UNESCO World Heritage Site
- Official name: Blue and John Crow Mountains
- Type: Mixed
- Criteria: iii, vi, x
- Designated: 2015 (39th session)
- Reference no.: 1356
- Region: Americas

= John Crow Mountains =

Mountain range in Jamaica

The John Crow Mountains are a range of mountains in eastern Jamaica.

==Etymology==
The name John Crow was first recorded in the 1820s and comes from the Jamaican name for the turkey vulture. It has been suggested that previous to this, the range was known as the "Carrion Crow Ridge", after an earlier name for the vulture.

==Geography==
The mountains extend parallel with the north-east coast of the island, bounded to the west by the banks of the Rio Grande, and joining with the eastern end of the Blue Mountains in the south-east. The highest point in the range is a little over 1140 m.

===Environment===
The John Crow Mountains are also home to the endangered Papilio homerus, the largest butterfly in the Americas. The most well-studied and understood populations of the dwindling species are found where the John Crow Mountains and the Blue Mountains meet.

The mountains have been designated an Important Bird Area (IBA) by BirdLife International because they support significant populations of many Jamaican bird species.

==History==
In 1885 Inspector Herbert T. Thomas of the local constabulary began an attempt to reach the highest peak of the range, and in 1890 was successful, publishing an account in his book Untrodden Jamaica. He requested the then governor Sir Henry Blake to consent that they are renamed the Blake Mountains, but admits in his book the change met with opposition. The new name did not stick, and they remain the John Crow Mountains.

In 1920 the explorer Scoresby Routledge claimed to have been the first person to have crossed the John Crow mountains, leading to an exchange of letters in The Times regarding Inspector Thomas's prior claim.
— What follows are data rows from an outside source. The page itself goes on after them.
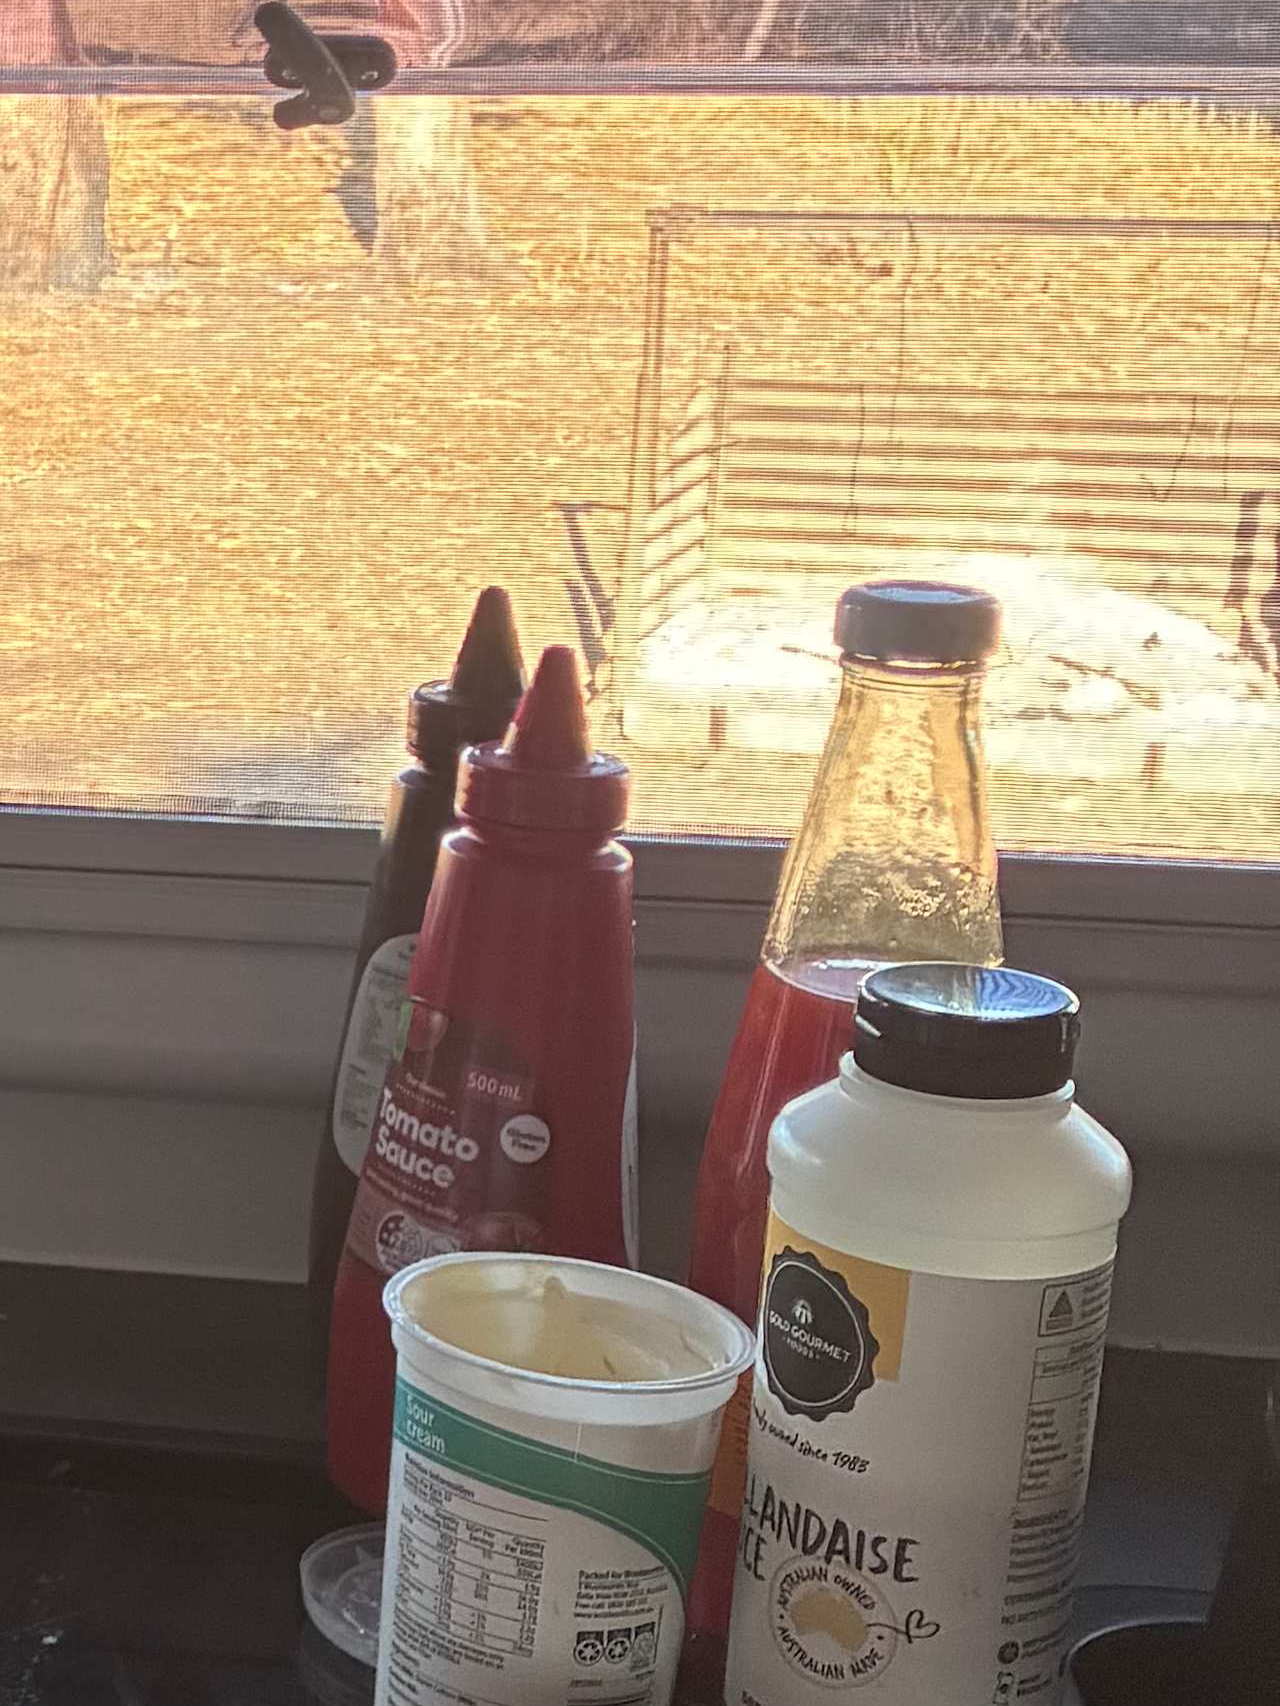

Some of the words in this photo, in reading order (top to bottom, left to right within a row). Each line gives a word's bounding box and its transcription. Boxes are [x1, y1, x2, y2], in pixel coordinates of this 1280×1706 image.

[379, 1086, 480, 1162] Tomato
[375, 1124, 456, 1188] Sauce
[791, 1325, 852, 1363] GOURMET
[406, 1394, 436, 1427] Sour
[406, 1420, 446, 1454] cream
[798, 1439, 829, 1462] since
[832, 1451, 871, 1474] 1983
[744, 1472, 922, 1583] LANDAISE
[834, 1573, 877, 1611] OWNED
[777, 1625, 846, 1681] AUSTRALIAN
The matter was settled by the Jamaican Surveyor-General, who decided that though Thomas had been the first to scale the highest peak, and explore the ridge in a north–south direction, Routledge had traversed the valley and further range beyond: so he had first "actually crossed them from west to east".

== In popular culture ==
In Evan Jones's 1952 poem "The Song of the Banana Man", "John Crow mountain" is mentioned in line 26.